And if that doesn’t convince you, there are plenty of others out there sharing the same message. Marion Nestle, author of the book “What To Eat” (which was a crucial resource for me in my personal food journey), just co-wrote some dietary guidelines with six easy steps for eating more healthily. Columnist and cookbook author Jane Brody also weighed in recently with an article about cooking with children, and The Atlantic riffed off of both the Pollan documentary and the latest issue of Bon Appétit magazine to discuss “healthy-ish” eating and why abstinence is a poor strategy for getting healthy. One thing that all of these writers get at is implicitly stated in the latter article, which is that the key to a healthy lifestyle that won’t feel like a diet is to eat simply and well, which “starts at home with the simple act of cooking.” Physician John Schumann delivers a similar message in “Keep Things Simple For A Healthy, Long Life.”
Given the simplicity of the proposal, surely it’s worth a try.

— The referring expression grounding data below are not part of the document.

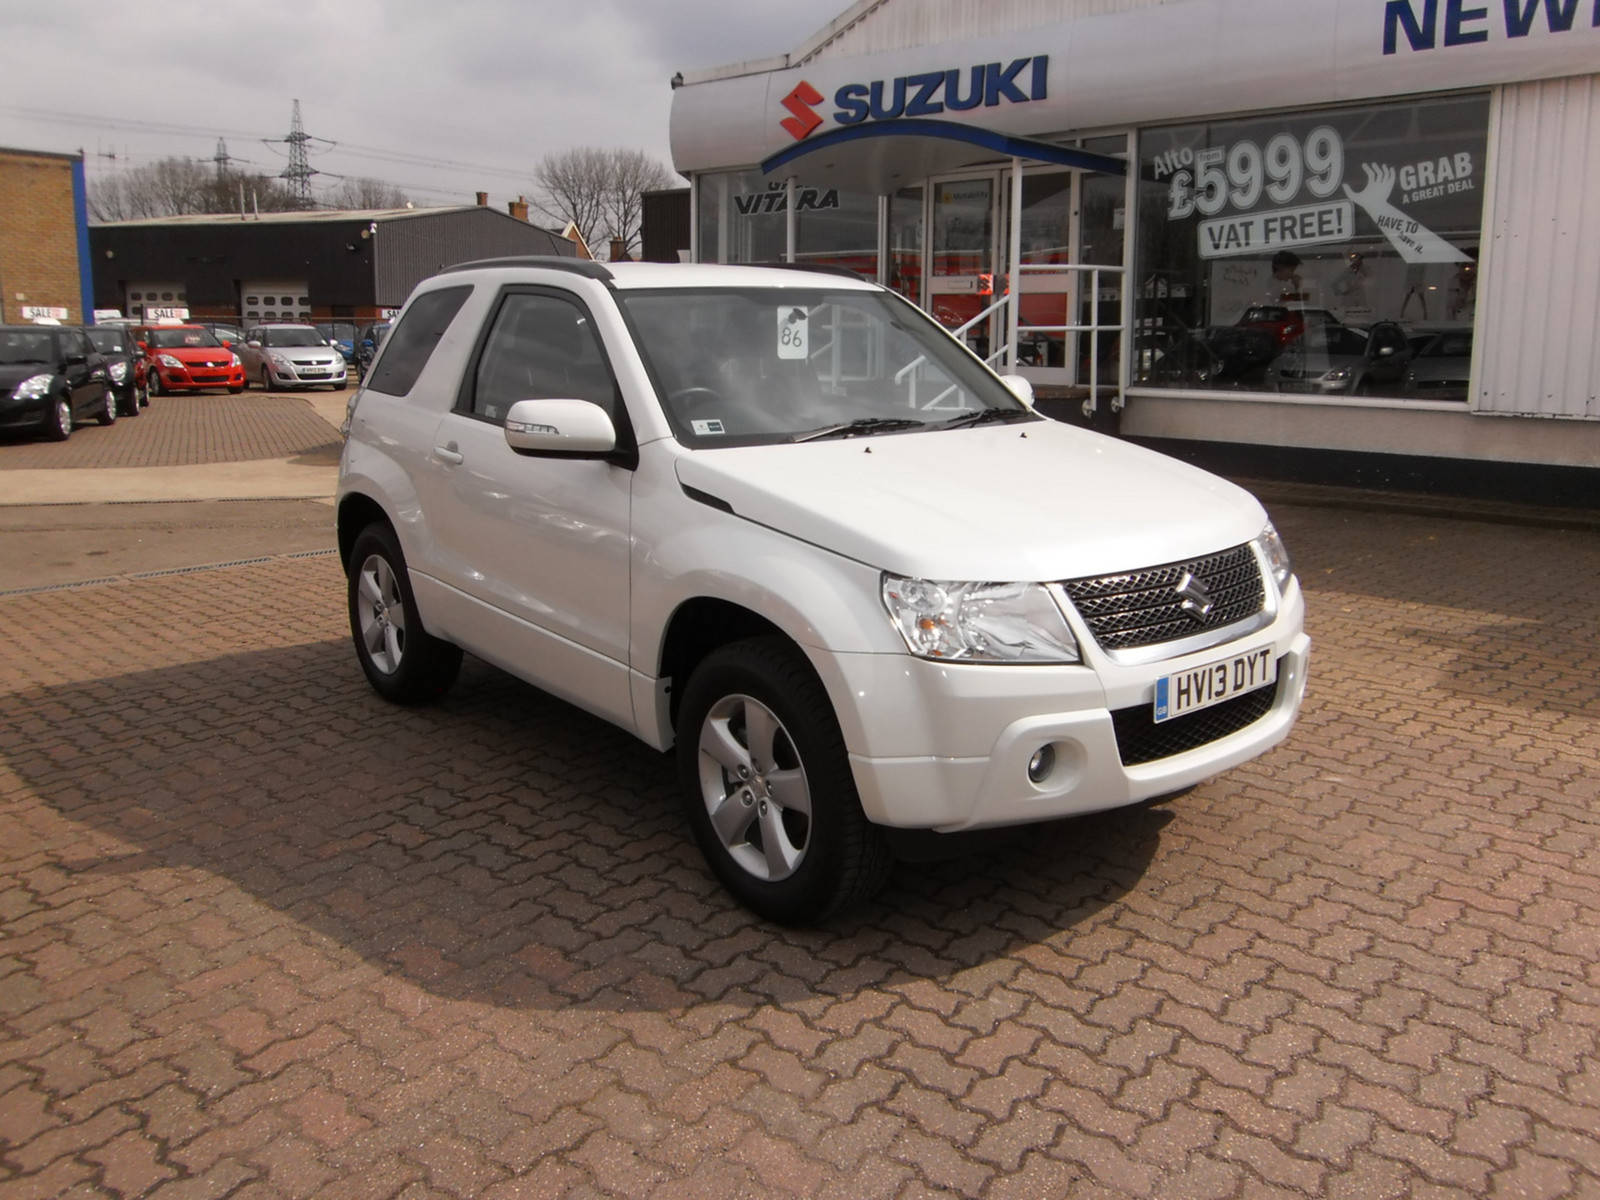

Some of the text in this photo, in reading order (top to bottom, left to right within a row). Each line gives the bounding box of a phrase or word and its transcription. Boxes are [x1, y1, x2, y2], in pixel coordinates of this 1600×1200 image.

[1382, 0, 1600, 55] NEW
[833, 54, 1049, 125] SUZUKI
[1153, 147, 1194, 180] Alto
[1167, 125, 1345, 221] £5999
[1399, 152, 1473, 191] GRAB
[1402, 179, 1475, 204] A GREAT DEAL
[1208, 207, 1343, 250] VAT FREE!
[1377, 215, 1419, 234] HAVE TO
[29, 308, 51, 318] SALE
[154, 308, 175, 318] SALE
[782, 326, 802, 347] 86
[1177, 648, 1270, 711] HV13 DYT
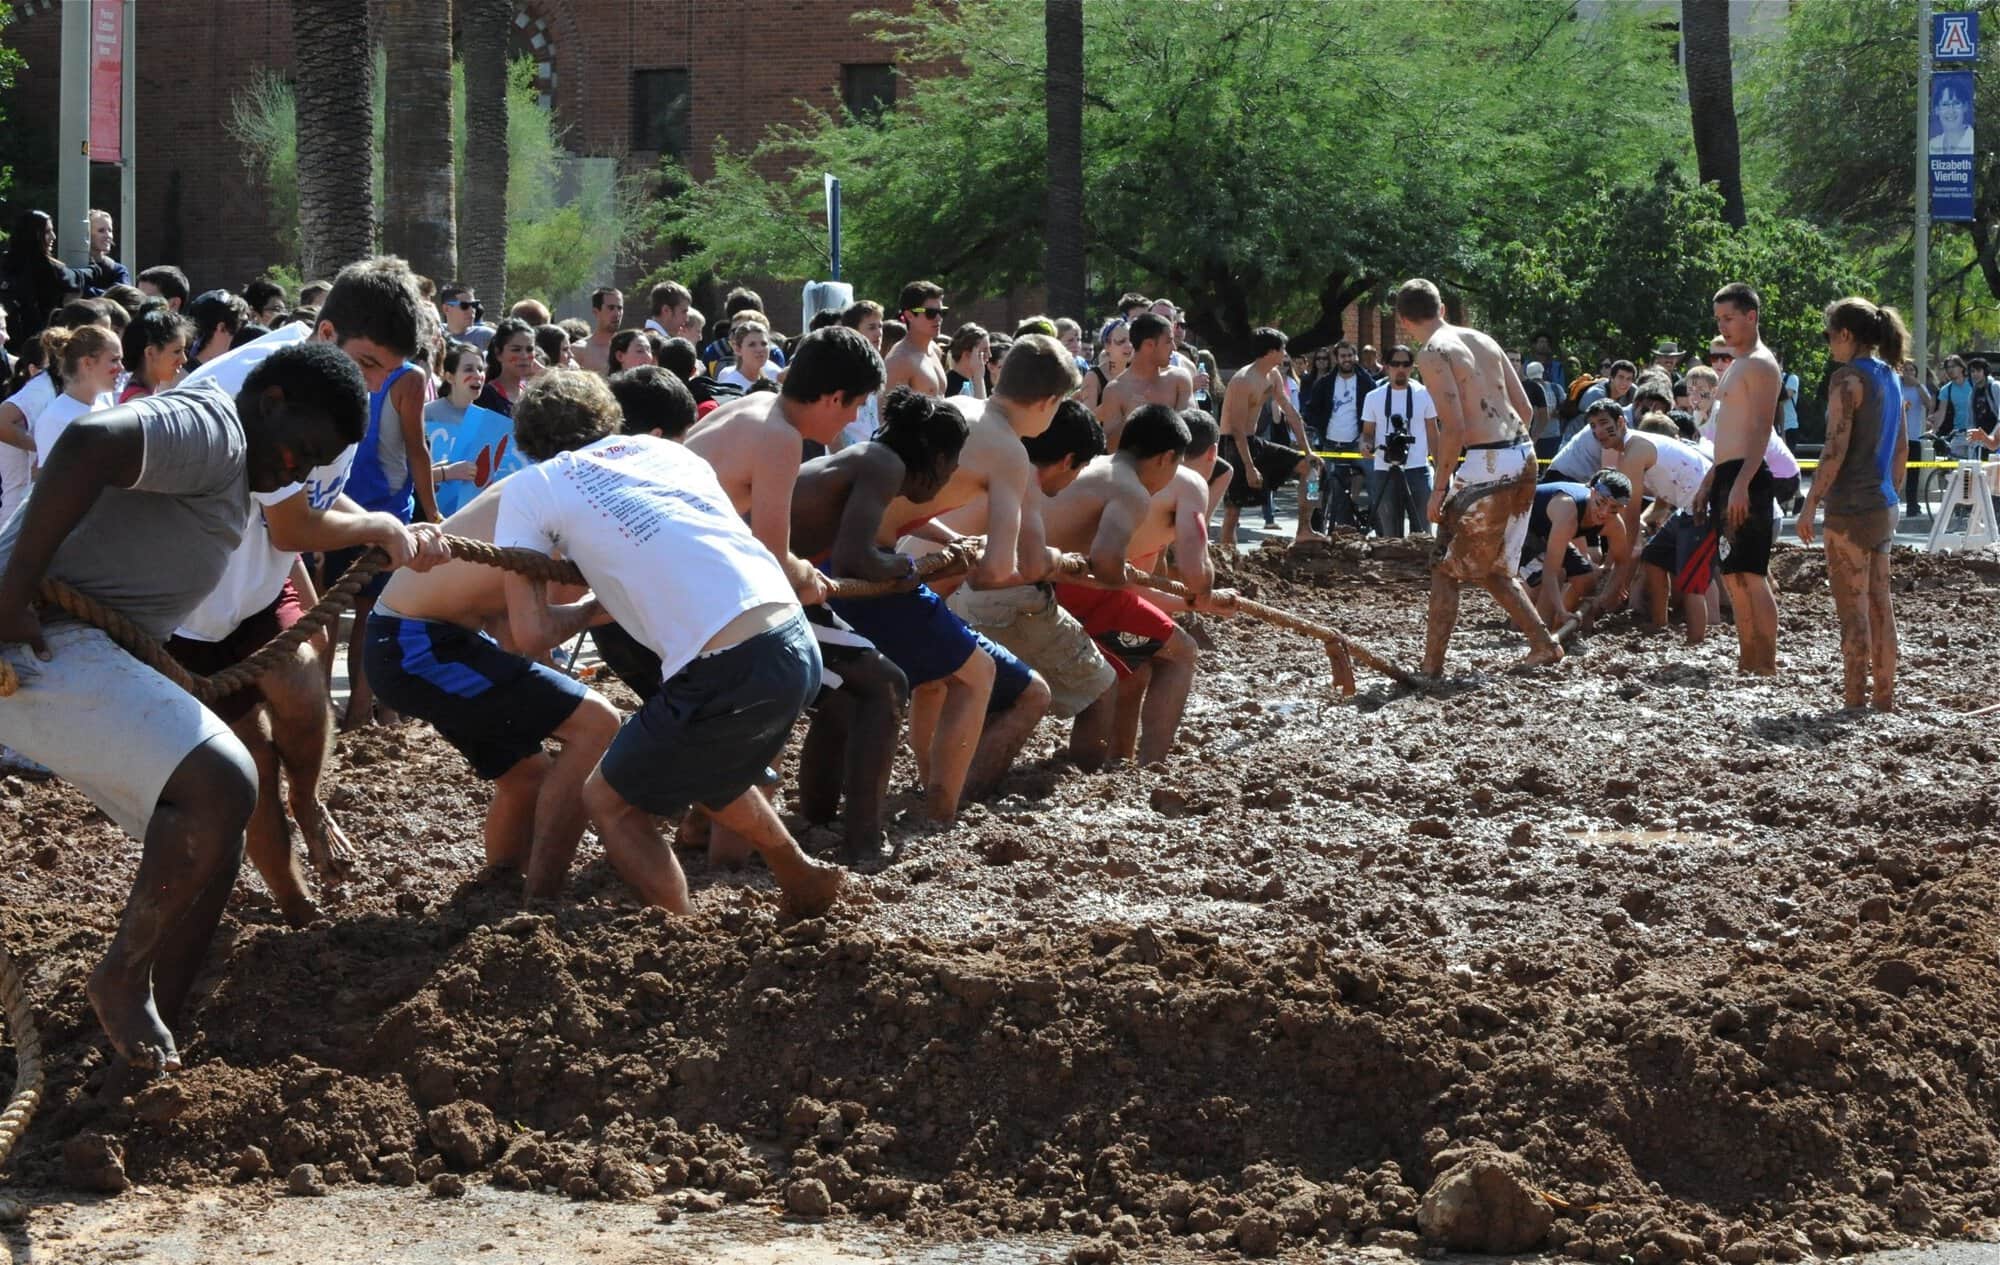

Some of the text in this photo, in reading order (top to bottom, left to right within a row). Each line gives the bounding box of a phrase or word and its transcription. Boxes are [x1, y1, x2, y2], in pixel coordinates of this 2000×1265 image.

[1936, 17, 1974, 57] A
[1931, 159, 1972, 170] Elizabeth
[1934, 171, 1968, 184] Vierling
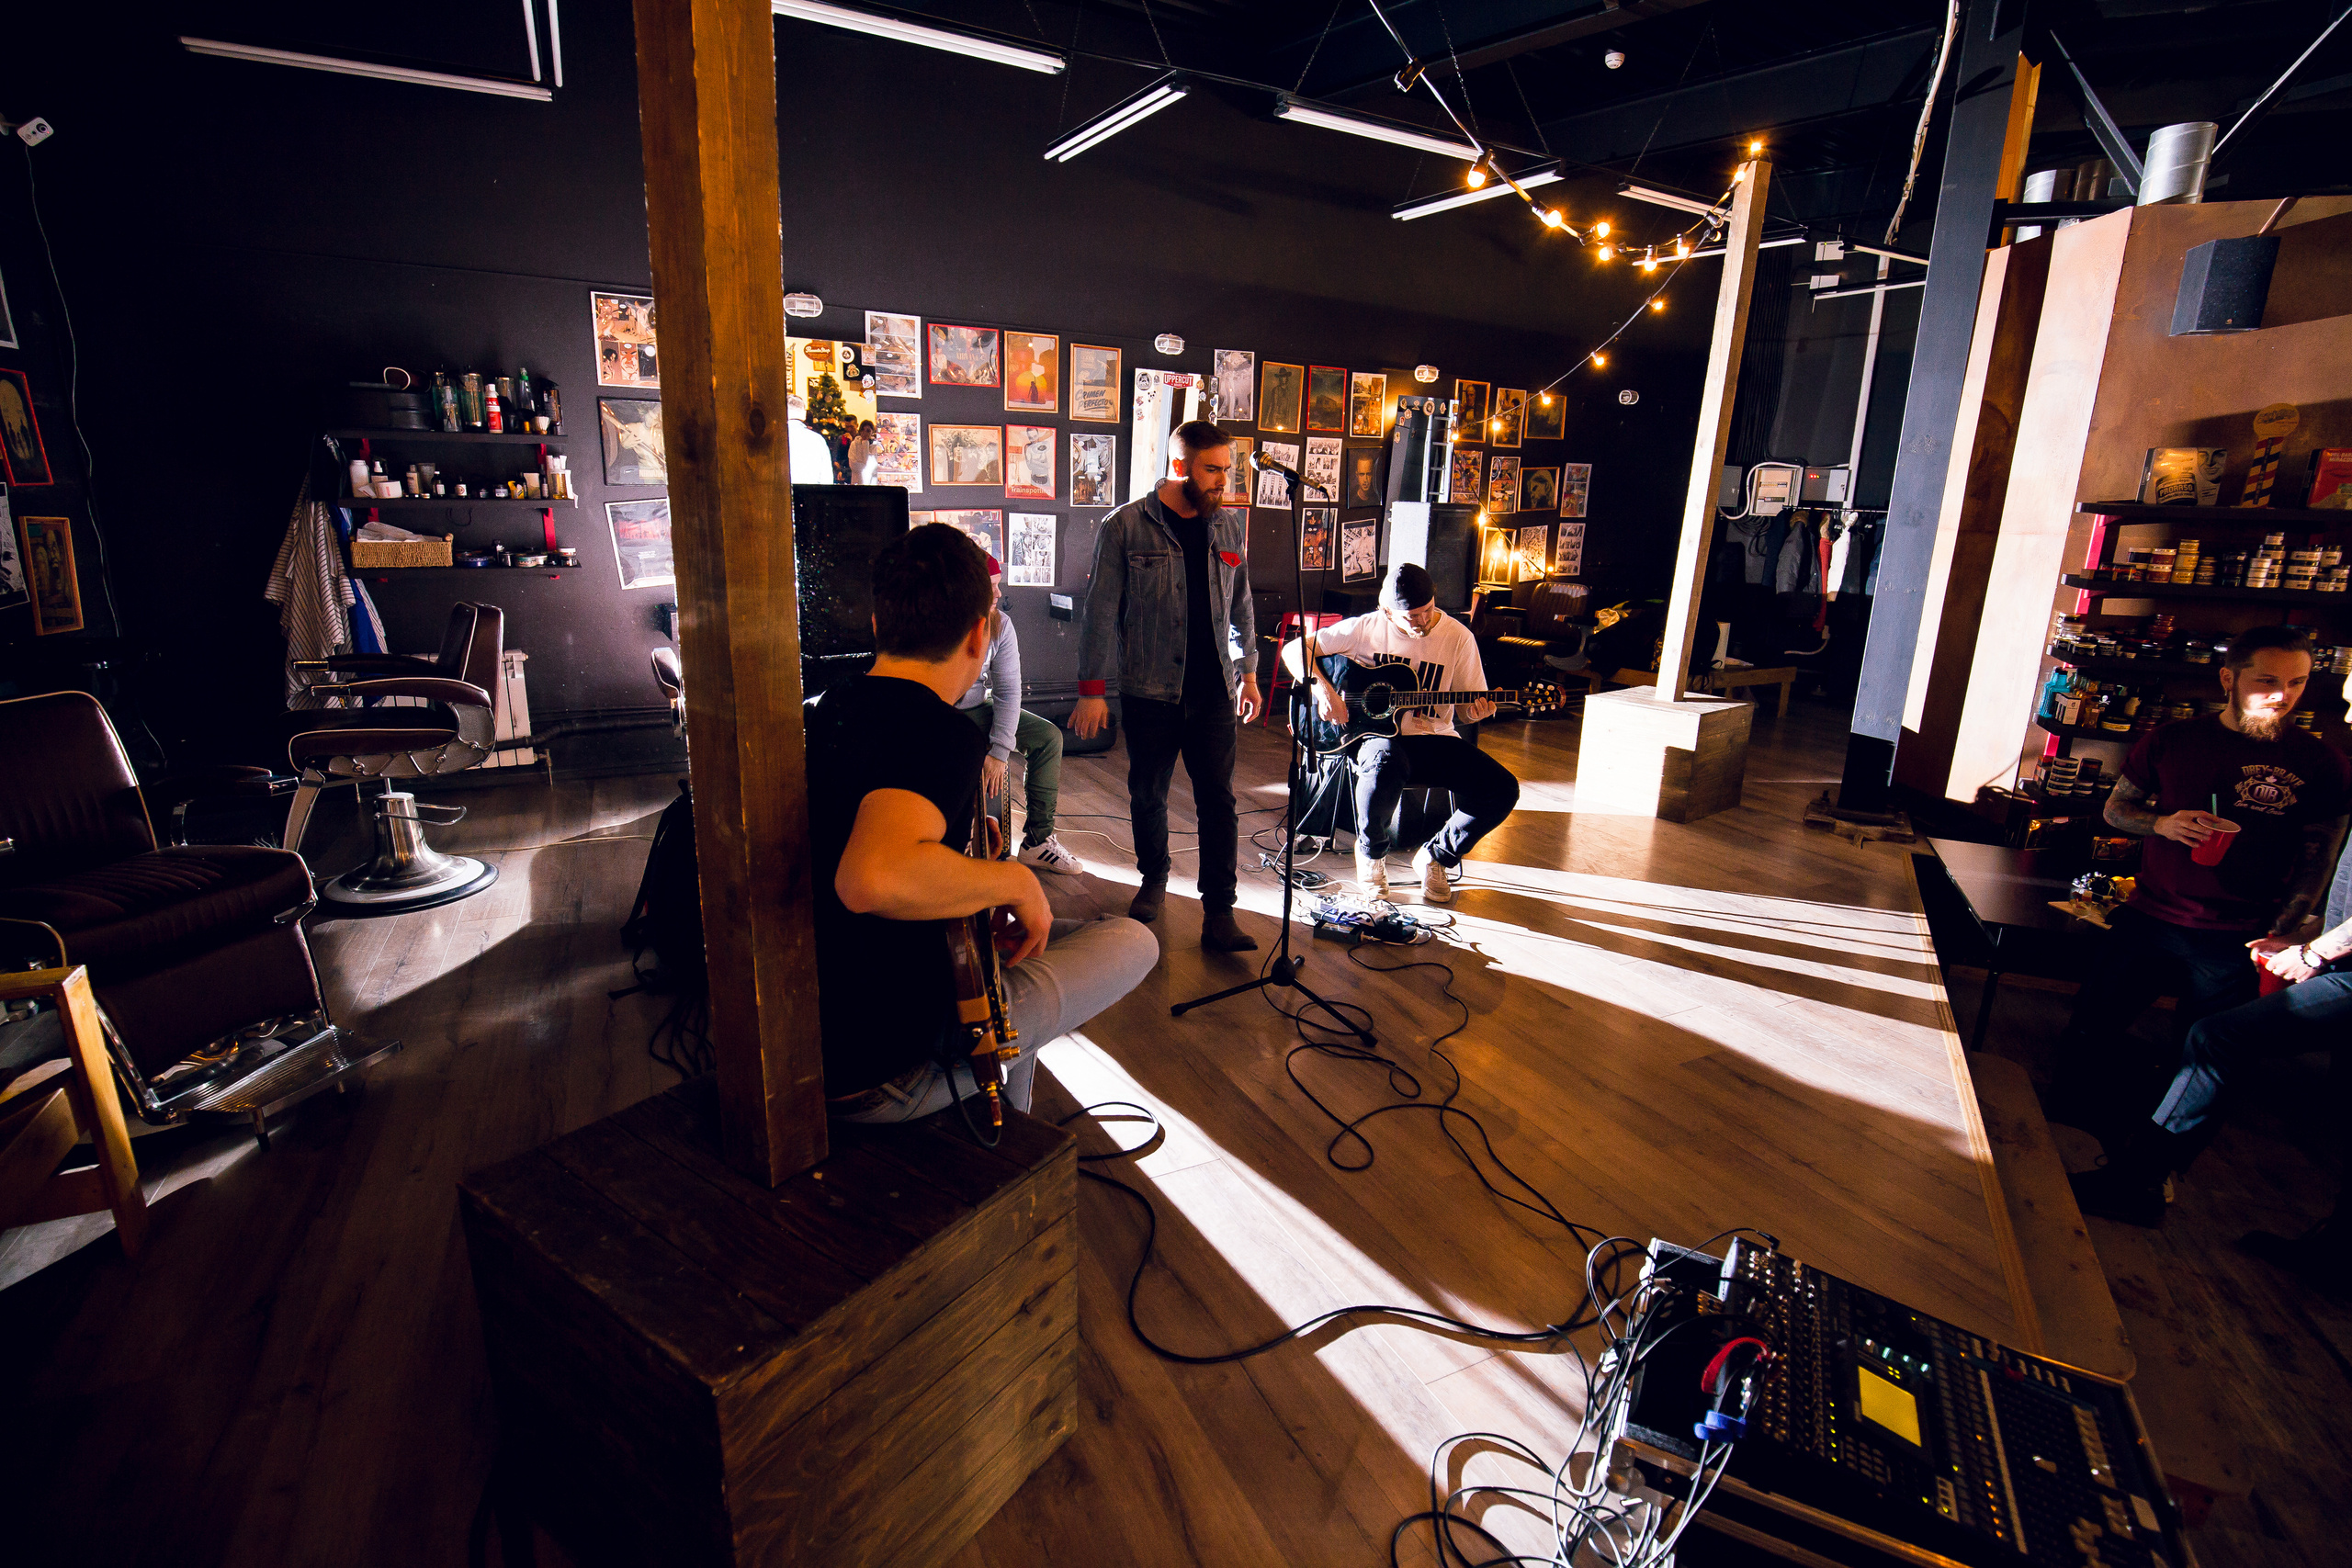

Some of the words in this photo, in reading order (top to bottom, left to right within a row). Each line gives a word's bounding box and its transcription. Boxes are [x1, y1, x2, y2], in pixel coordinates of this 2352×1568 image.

[1164, 374, 1193, 386] UPPERCUT
[1075, 389, 1106, 401] CRIMEN
[1077, 399, 1110, 411] PERFECTO
[1011, 486, 1051, 494] Trainspotting
[2159, 483, 2193, 497] PRORASO
[2241, 765, 2269, 776] OBEY
[2273, 767, 2305, 787] BRAVE
[2254, 784, 2278, 803] OTB

Alice O'Dea has lived in Chattanooga for over 20 years, but was raised among the mucks and dairy farms in rural western New York. She didn't really learn to cook until midlife. When she's not puttering around in the kitchen, she enjoys running, cycling, traveling, photography and trying to get food to grow in the backyard of her Highland Park home. You can email her with questions, suggestions or comments at email@example.com. The opinions expressed in this column belong solely to the author, notNooga.com or its employees.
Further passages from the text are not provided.